Jean Houston, Ph.D., scholar, philosopher and researcher in Human Capacities, is one of the foremost visionary thinkers and doers of our time. She is long regarded as one of the principal founders of the Human Potential Movement. Dr. Houston is noted for her ability to combine a deep knowledge of history, culture, new science, spirituality and human development into her teaching. She is known for her inter-disciplinary perspective delivered in inspirational and humorous keynote addresses.
A prolific writer, Dr. Houston is the author of 26 books including “Jump Time”, “ A Passion for the Possible”, “Search for the Beloved”, “Life Force”, “The Possible Human”, “Public Like a Frog”, “A Mythic Life: Learning to Live Our Greater Story”, and “Manual of the Peacemaker”.
As Advisor to UNICEF in human and cultural development, she has worked around the world helping to implement some of their extensive educational programs.

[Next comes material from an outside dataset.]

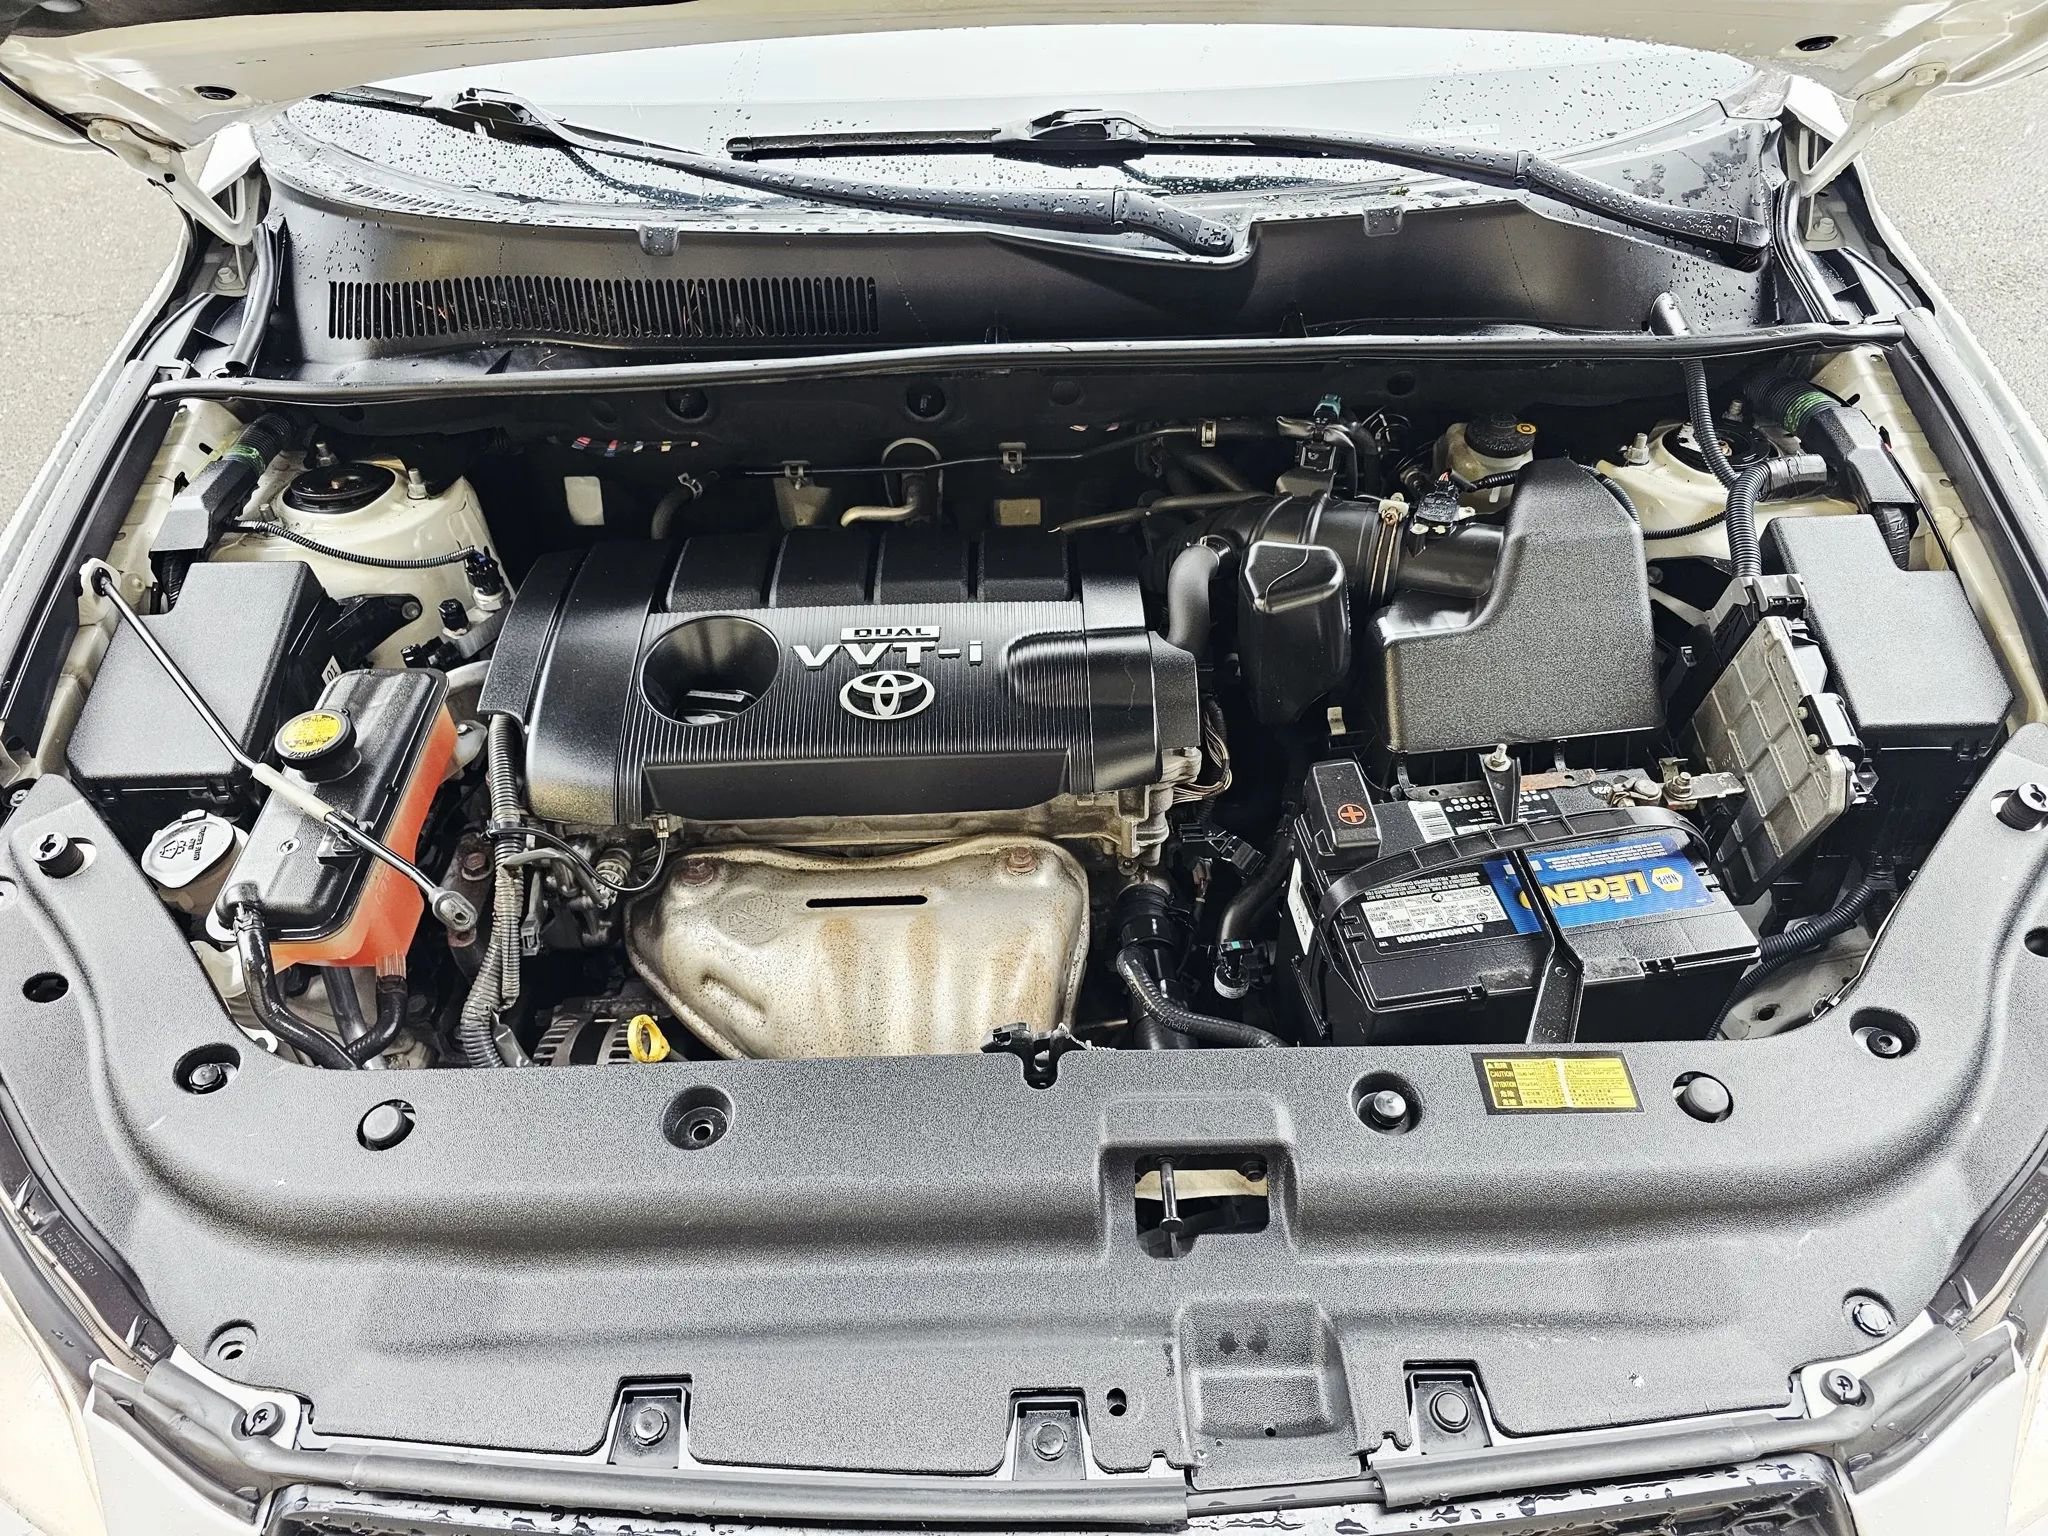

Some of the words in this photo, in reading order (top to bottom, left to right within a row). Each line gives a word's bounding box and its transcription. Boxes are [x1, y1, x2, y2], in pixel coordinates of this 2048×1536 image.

[854, 627, 931, 638] DUAL
[791, 640, 983, 669] VVT-i
[1655, 872, 1679, 885] NAPA
[1490, 1070, 1514, 1078] CAUTION

Dr. Houston is considered one of the most evocative and entertaining speakers on aligning the human spirit, potential and action with the needs of the time. Her talks are legendary for their ability to inspire, inform and activate her audience. Her lifetime passion is to encourage the inherent possibilities, visions and capacities that lie within each person and/or group, and translate them into positive action.
“Jean Houston’s mind should be considered a national treasure”, said Buckminster Fuller, a renowned American philosopher, thinker, visionary, inventor, architect, engineer, mathematician, poet and cosmologist. A life-long friend of Jean Houston, his observation is shared by the thousands of individuals, communities, organizations and nations that have been and continue to be inspired by her words.

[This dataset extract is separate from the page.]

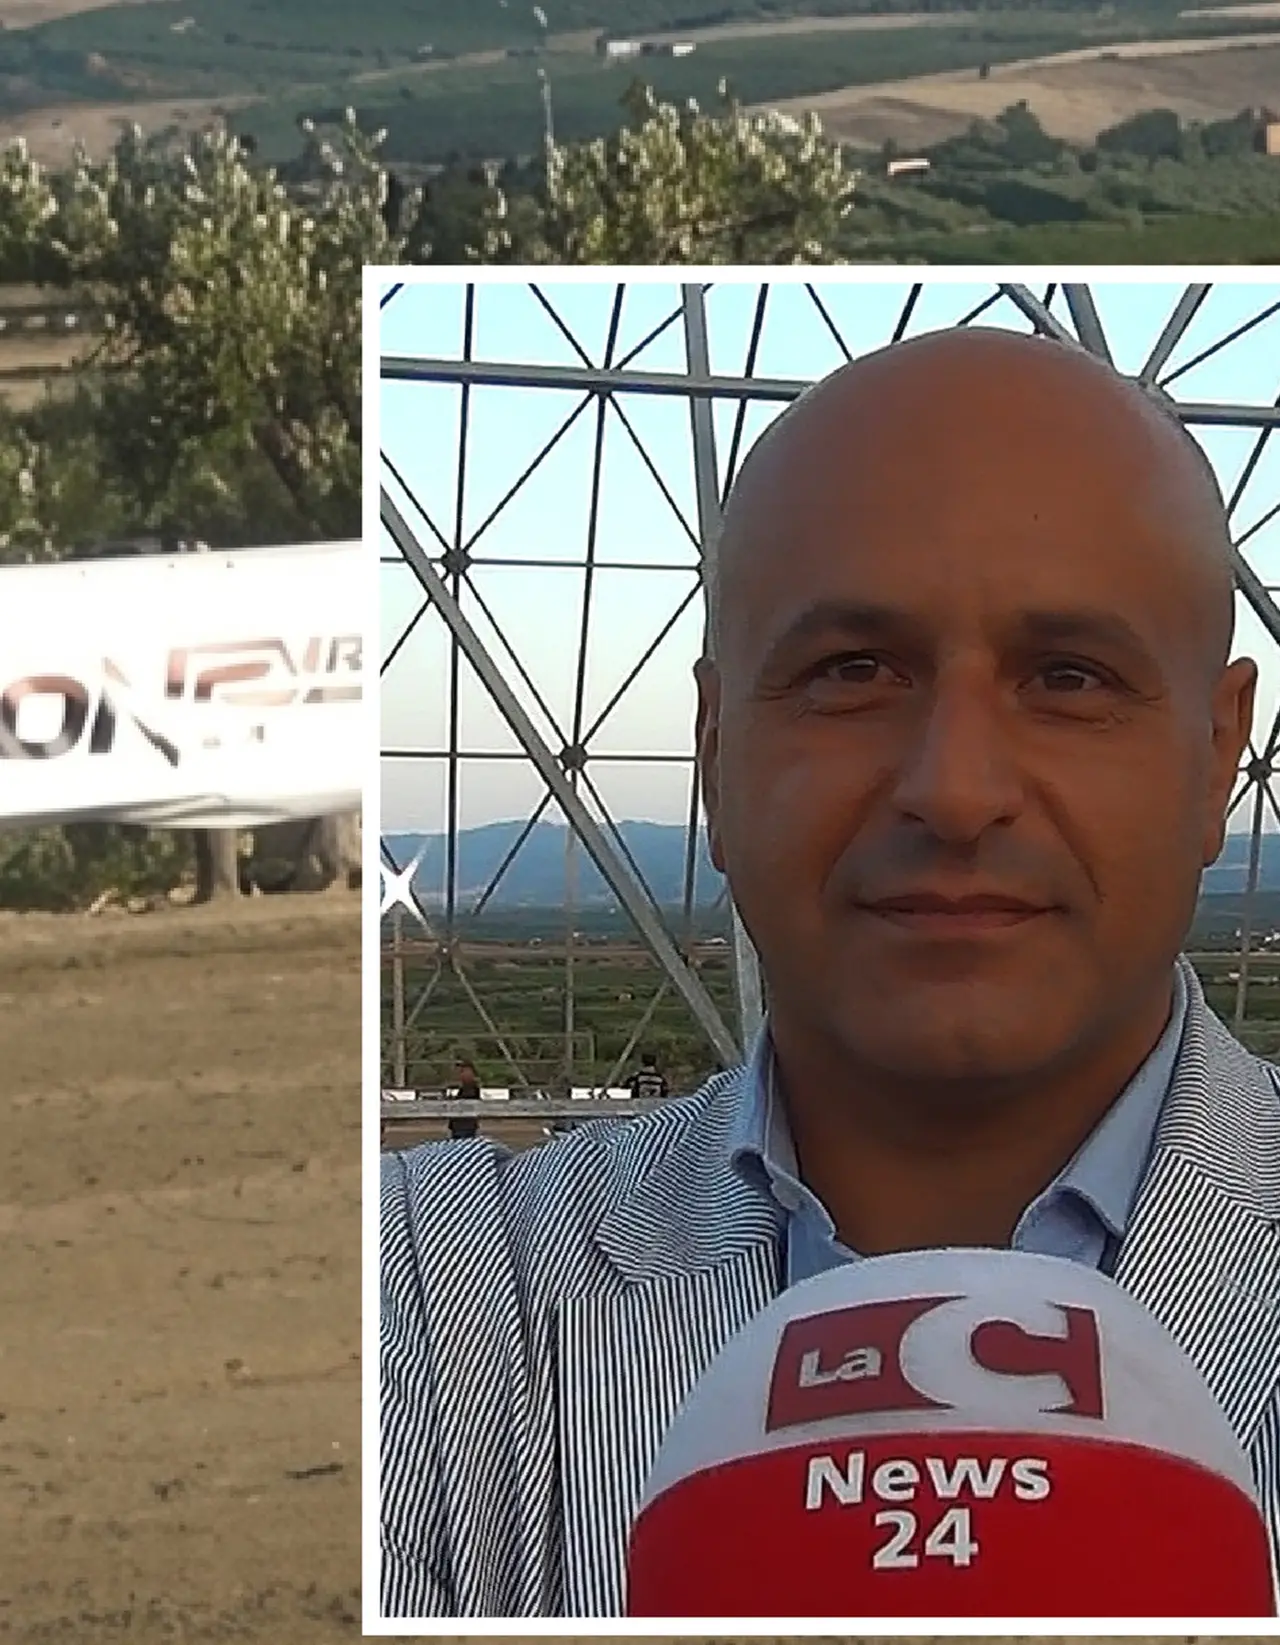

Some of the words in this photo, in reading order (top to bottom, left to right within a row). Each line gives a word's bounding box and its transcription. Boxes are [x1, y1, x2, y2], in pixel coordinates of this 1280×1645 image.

[799, 1342, 883, 1387] La
[900, 1295, 1070, 1412] C
[804, 1449, 1052, 1511] News
[871, 1507, 979, 1569] 24

Intersections in Time that changed my Life, by Marj
One moment that changed my life with Jean was a conversation that we had in my office once when she was doing an intensive at Unity of Tustin. Jean had just looked at my doctoral diploma from U Mass that was hanging on my wall. She sat down and looked at me and said ‘Do you know that the School of Education program there at that time was one of the finest in the country, if not the world? I said ‘Yes’…though I’d never talked about that to anyone before.
Then we talked about Bucky (Buckminister) Fuller coming, working with the children in the Lab School, with the doctoral students behind one-way mirrors. He spoke the different languages of the children’s stages of development. He just talked with them in natural ways that were child-like and so real. Then he worked with us (and whomever else in the community that wanted to hear) for two or three more hours in the evening in the auditorium. He was full of energy and he was in his 80’s.